The road was very well maintained and very smooth.  We can't help but notice a lot of camp grounds within the area.  Most were closed but there were a few that were open.  Some folks were even motor crossing.  We saw a fair amount of sport bikers out for the ride also.  At about the half way mark (11:30am), between Vasquez Canyon road and Spunky Canyon/Calle Hermosa road, we decided to stop at this bar/restaurant called The Big Oaks on our way to the Bouquet reservoir.  It was a quaint little red brick/slate and mortar place with a bar and a small standalone outside grill shack that cooked and served food for several canopy covered tables.

We each paid $4 to the bar tender and wandered outside to inform the grill master what we desired for our lunch.  Cheese burger, hamburger, chicken sandwich, three bags of chips and we're all set to fight off old man hunger.  The three of us decided to luncheon outside as the bar was already taken up by three fellow bikers.  Plus we like the outdoors and sun shine.  Plenty of room to lay our equipment down on the table and watch it get blown away.  I asked the grill master whether this type of windy weather is normal in this area.  The answer is no and this only happens on rare occasions.  Unfortunately this day is one of those rare occasions.

The grill master's shack.

Bad hair day is in order for this day.
Chewing the dead skin on your lips is not a good source of nourishment when you're hungry.

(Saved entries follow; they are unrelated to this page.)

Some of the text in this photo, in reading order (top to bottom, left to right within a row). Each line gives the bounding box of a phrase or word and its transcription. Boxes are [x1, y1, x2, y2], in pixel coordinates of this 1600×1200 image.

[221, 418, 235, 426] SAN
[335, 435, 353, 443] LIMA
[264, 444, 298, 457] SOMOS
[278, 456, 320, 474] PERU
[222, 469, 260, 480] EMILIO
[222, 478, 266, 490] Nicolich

This infernal wind triggered memories about a conversation I had with Jaime the day before.  Jaime had told me there was a potential for Santa Ana winds to rear its head this weekend.  For those that have not experienced the Santa Ana winds in Southern California, this is equated to having constant winds as fast a 60 MPH and gusts up to anywhere between 80-90MPH.  One year it got as high as 100+ MPH.  No, I'm not exaggerating.  This has been know to happen in this part of California when certain conditions are right.  The wind tunnel effect we have is due to the mountain ranges we have and how they channel wind.  Where I work, there were several years where the entire place was shutdown for several days due to high winds and the potential of people getting hurt from flying debris.  Last year there were three injuries due to the Santa Ana winds.  One injury was due to a small branch hitting somebody at high speeds, another was due to the wind knocking a person down on concrete or tarmac injuring the person, and the last incident I don't remember.  The situation was so bad that trees would be felled and knock out power lines and/or water mains.  Suffice to say, Santa Ana winds is no condition to ride motorcycles in.  Fortunately, the winds were gusting but it was nowhere near the Santa Ana levels.

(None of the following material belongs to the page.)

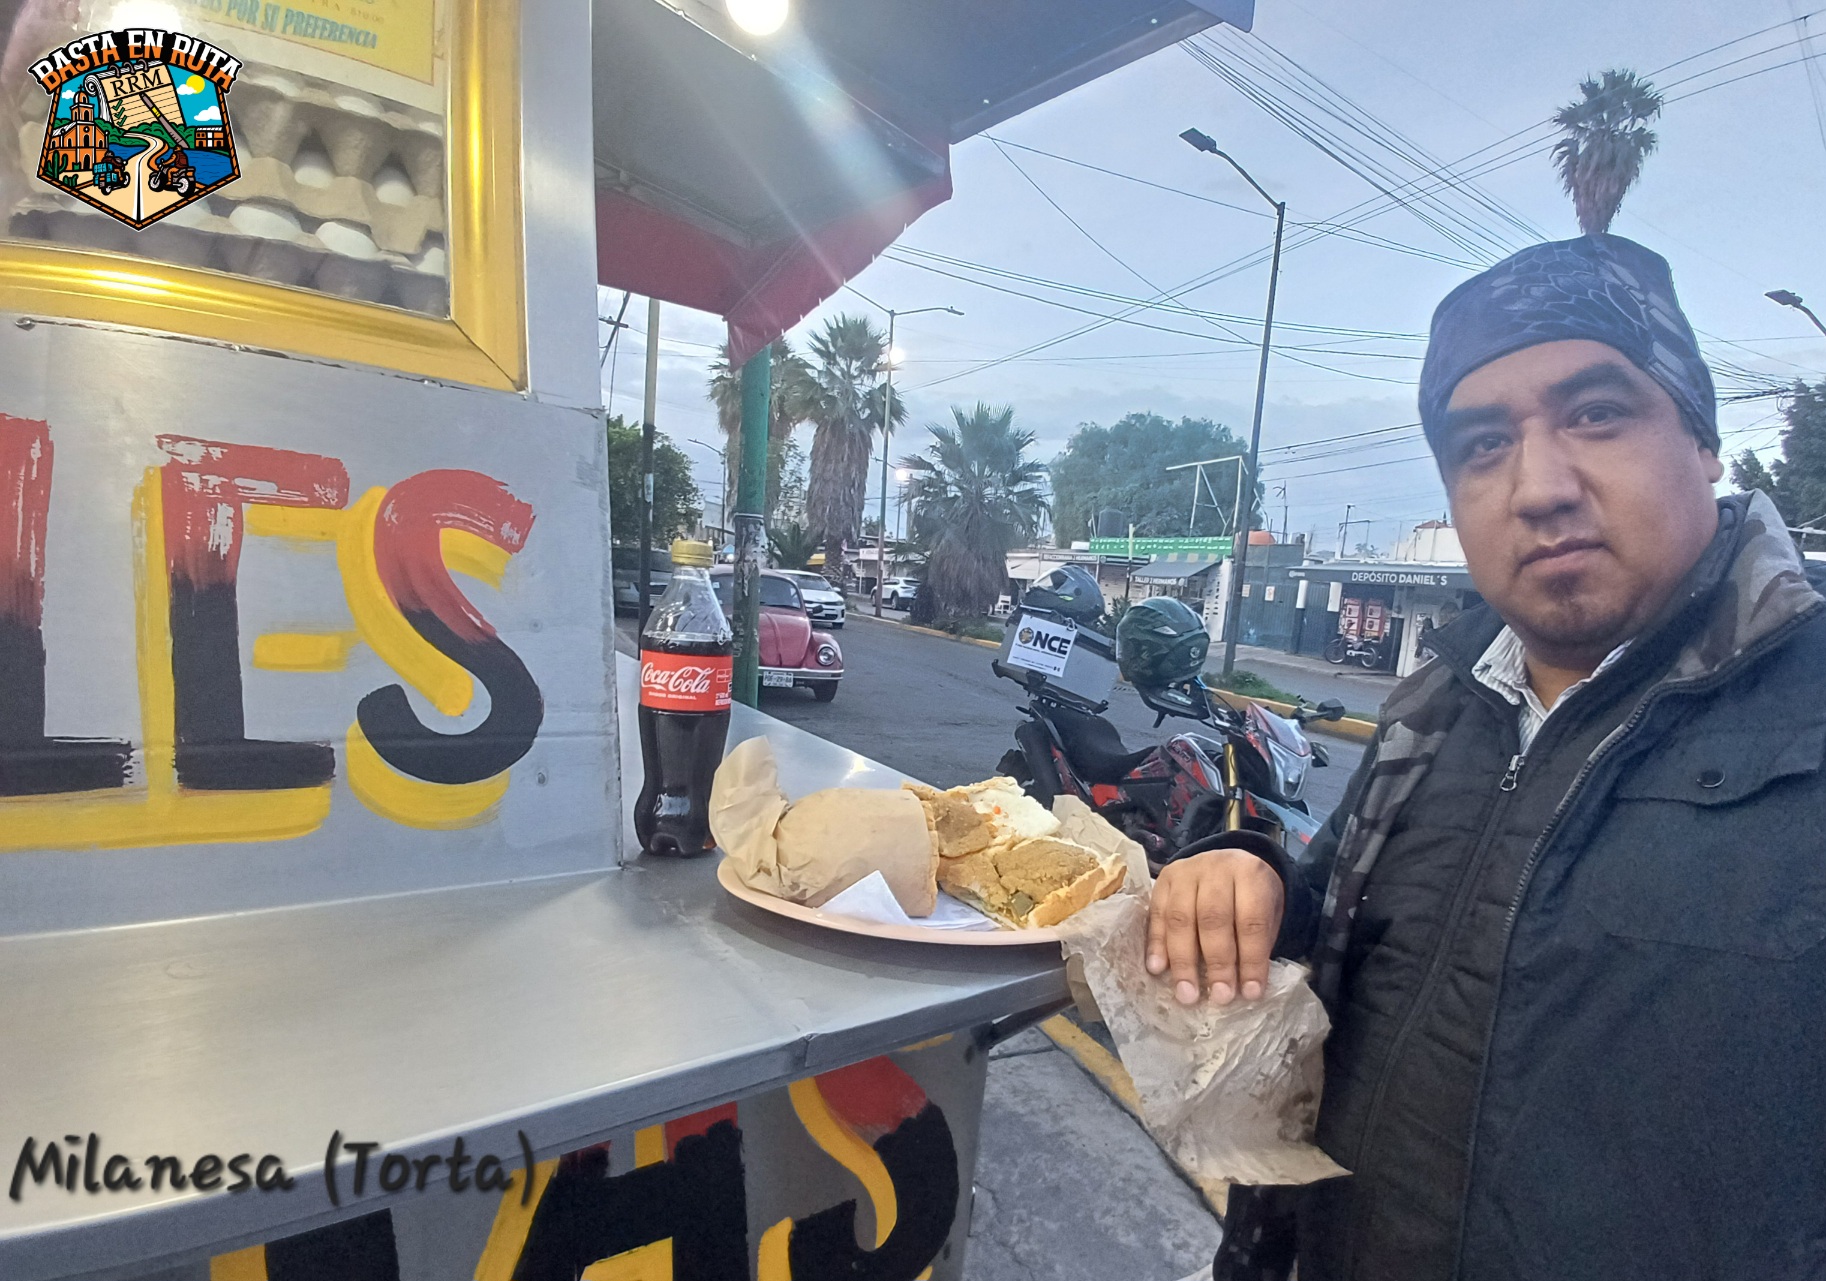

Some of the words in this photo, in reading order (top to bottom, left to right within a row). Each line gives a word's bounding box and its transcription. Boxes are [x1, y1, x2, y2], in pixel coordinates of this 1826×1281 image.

[282, 8, 378, 49] PREFERENCIA
[1351, 571, 1398, 583] DEPÓSITO
[641, 662, 716, 693] Coca-Cola

Where are we on the map?  Are we here?  Stop bothering me, I'm trying to
startup my MP3.

After 30-40 minutes of lunch, we got back on the road and continue heading towards the Bouquet reservoir.  The road started opening up and out comes the reservoir.  Another leg of the trip is over and a new section of highway is ahead of us.  The view was really neat, but I kept on passing turnouts because they were way too small to handle all three of us.  Eventually we reached a good turn out but the view of the reservoir is obscured.  As we pulled off the highway, there was a guy at the turn out.  He was staring at my GS.  He greeted us, made comments about my bike, and made mention thinking we were with the ADV Rider group.  I informed him that I'm aware of the ADV Rider forum and read it all the time but I'm not with the ADV group on this day.  He mentioned something to the effect that there is a group that gets together quite often and that I can get their information on the web site.  I thanked him for the info and we all took off to find a better spot to take photos.  We turn off Bouquet Canyon road on to Spunky Canyon road and tada, a good spot to park and take pictures.   It's even a better view of the reservoir.

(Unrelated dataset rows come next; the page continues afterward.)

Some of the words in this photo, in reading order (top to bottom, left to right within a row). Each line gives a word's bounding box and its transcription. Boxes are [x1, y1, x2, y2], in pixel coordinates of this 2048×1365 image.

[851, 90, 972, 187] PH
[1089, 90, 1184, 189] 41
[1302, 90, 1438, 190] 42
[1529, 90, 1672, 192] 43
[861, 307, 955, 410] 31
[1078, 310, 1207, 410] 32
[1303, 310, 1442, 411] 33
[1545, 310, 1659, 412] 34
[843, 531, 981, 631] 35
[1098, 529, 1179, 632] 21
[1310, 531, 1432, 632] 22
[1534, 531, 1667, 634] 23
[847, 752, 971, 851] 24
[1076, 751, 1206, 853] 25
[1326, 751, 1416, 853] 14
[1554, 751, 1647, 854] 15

At this point Eugene and I started noticing this peculiar behavior in Minh.  For some strange reason he keeps on wanting to take pictures in the middle of the road.  He said something to the effect that its a unique picture and it's a vantage point that you normally don't see.  Eugene and I brush it off as being odd but didn't make much of it, yet.

Minh is demonstrating the method to which one stands in the middle of the road on the solid double yellow line.
(Don't try this at home kids)

Minh's picture while demonstrating his stance in the middle of the road method.

My turn to demonstrate how to stand in the middle of the road but I'm not as masterful as Minh.

Eugene trying to get a better shot of the reservoir.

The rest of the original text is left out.